Hi Alan,
I tend to agree with your analysis below. I placed some debug output in
the crm_attribute.c module, and found that it went into its loop within
the call to update_attr. I had trouble trying to get debug output I
placed in the function itself (is cib_attrs.c the correct module?). Then
on Friday I ran out of time to continue persuing it. 

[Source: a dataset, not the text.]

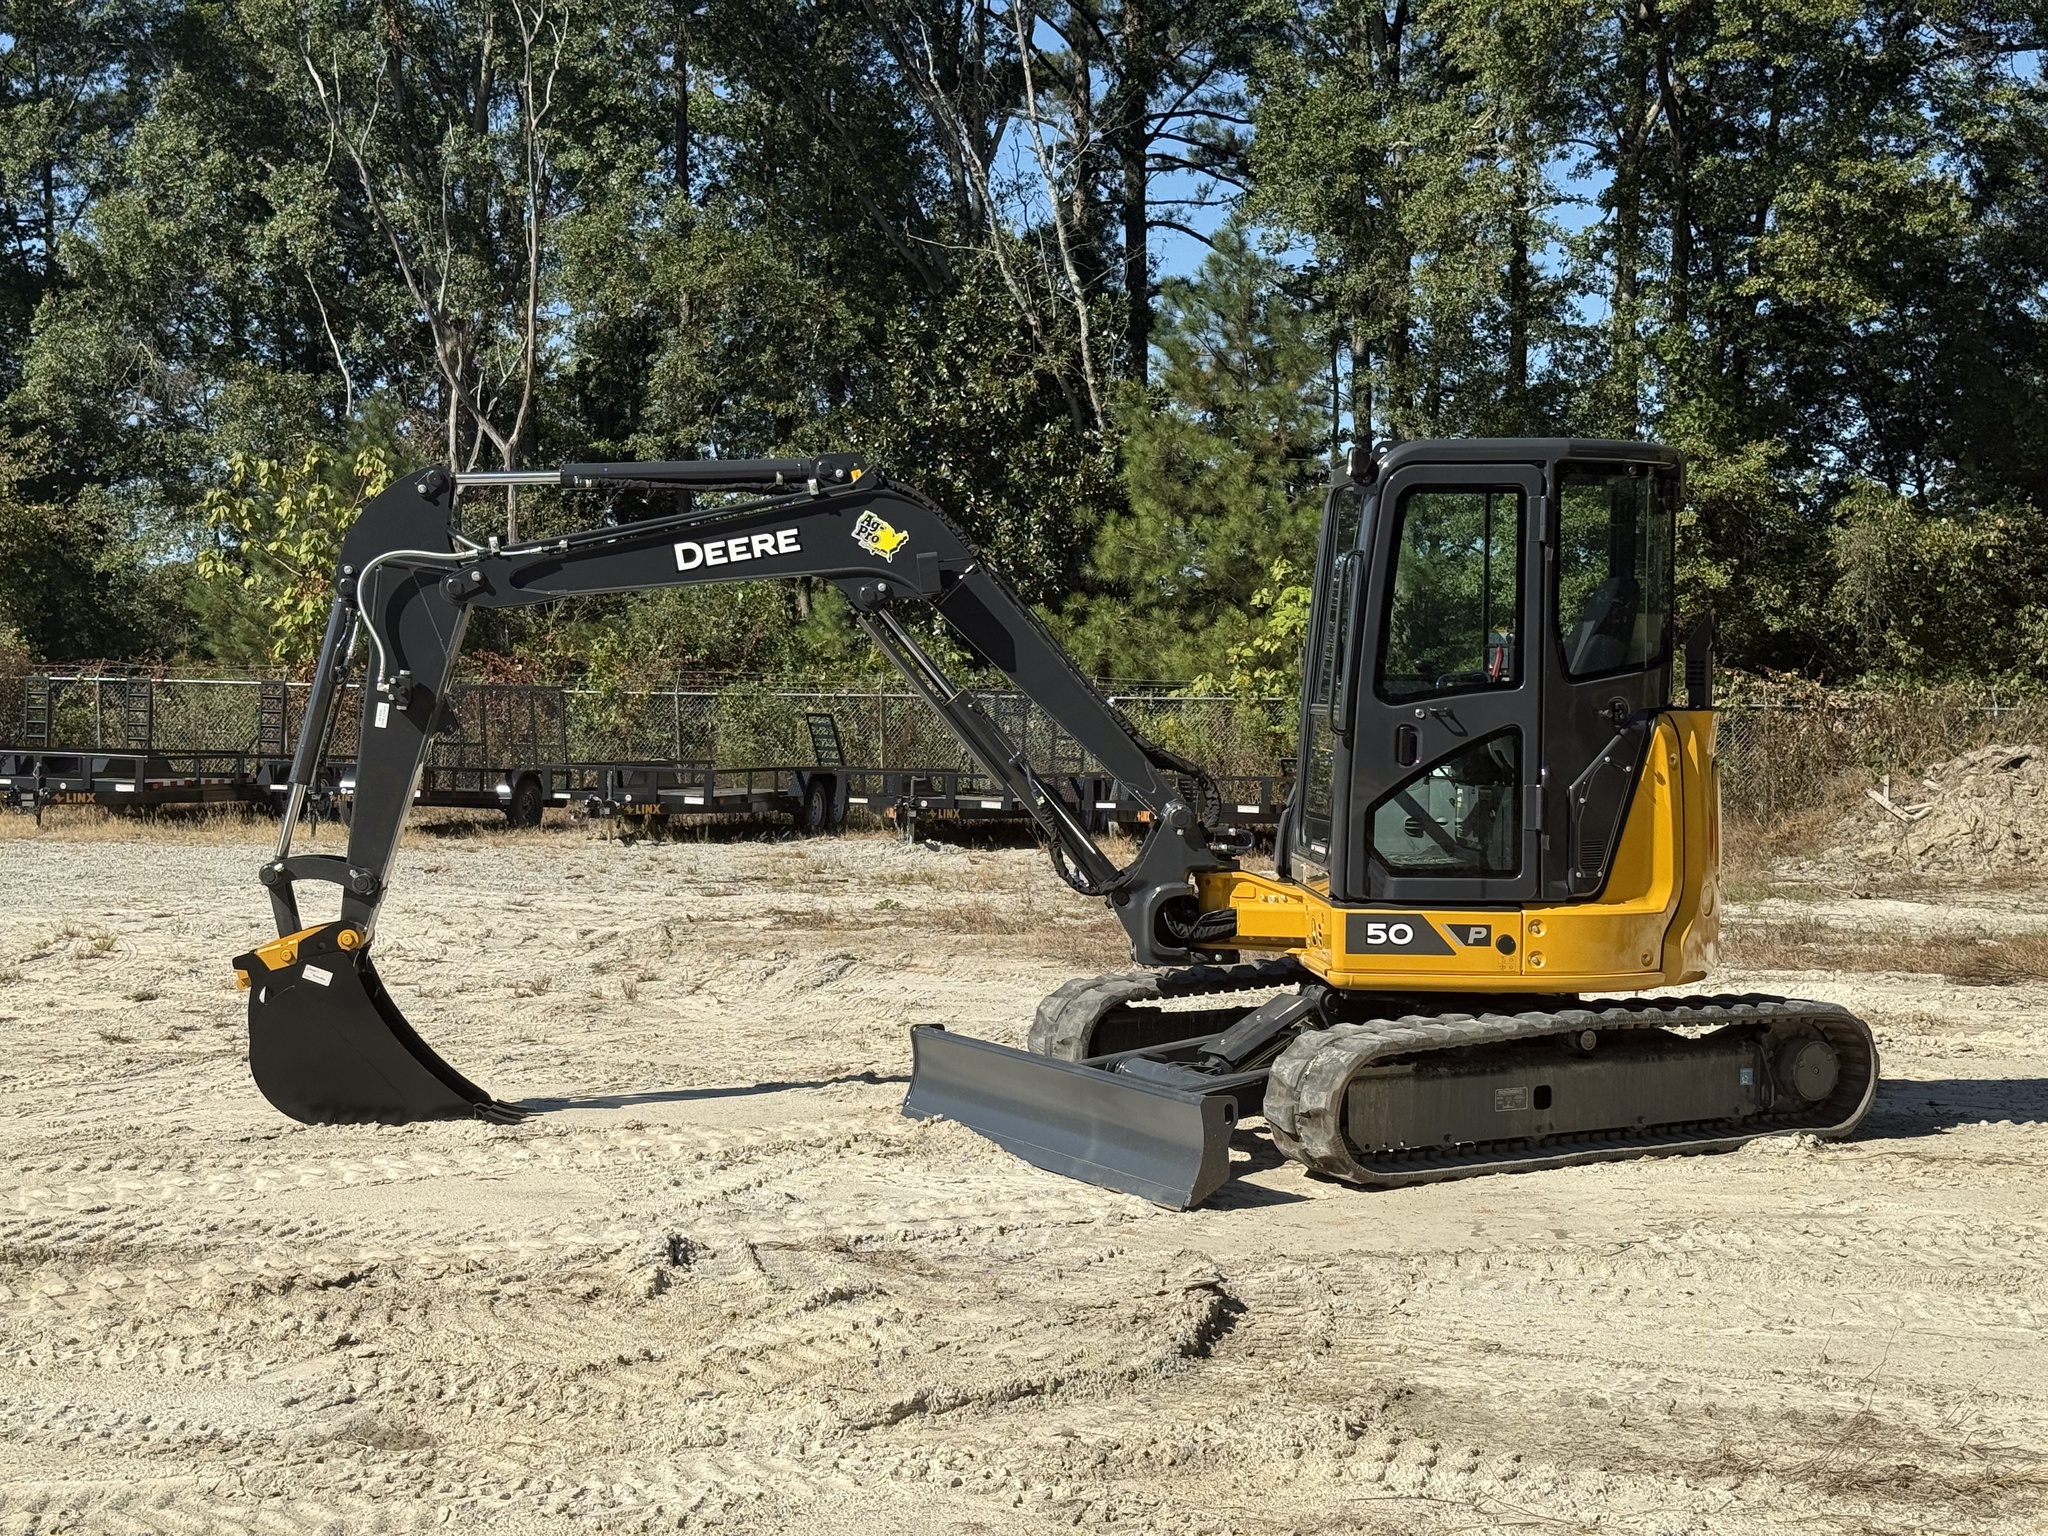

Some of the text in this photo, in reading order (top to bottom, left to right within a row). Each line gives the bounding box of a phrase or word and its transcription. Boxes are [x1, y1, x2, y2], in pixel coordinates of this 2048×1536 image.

On Sun, 2007-03-25 at 16:45 -0600, Alan Robertson wrote:
> Doug Knight wrote:
> > Got it. The attached file contains the strace from the second attempt by
> > heartbeat to start the resource up as master, right up until it was
> > killed. The resource already showed failed on the gui. I zipped it up
> > using gzip.
> 
> By the way, from the system call perspective, what it's doing is
> mallocing again and again and again...
> 
> I presume it's in this function (from the top level)
>    rc = update_attr(the_cib, cib_opts, type, dest_node, set_name,
>                attr_id, attr_name, attr_value);
> 
> 
> And I further presume (with somewhat more risk) that it's in this
> function from the next level down:
> 
>         rc = the_cib->cmds->modify(the_cib, section, xml_top, NULL,
>                                    call_options|cib_quorum_override);
> 
>       cib_client_modify(CIB_OP_MODIFY...)
> 
>       cib_native_perform_op()
> 
> Which sends the request over to the CIB, where it should do this...
> 
>       cib_process_modify()
> 
>       update_xml_child(obj_root, input)
> 
> However, from cib_process_modify on, all the work takes place in the
> CIB, not in the crm_master command.  So, I presume that it doesn't get
> that far.  [Other theories are also possible, of course ;-)]
> 
> Here is my initial conclusion:
>       1)  No one else has reported this problem
>       2)  The code in question is common and is used for many things
>       3)  Therefore it's more likely that something is amiss with your
>               CIB and causing the CIB code to loop looking for the
>               subtree to modify.  If this theory is correct, there are
>               two problems one with your CIB, and one in the code.
> 
> So, could you please send the current output from cibadmin -Q to the
> list as an attachment?
> 
I've attached the output from the "cibadmin -Q" command. 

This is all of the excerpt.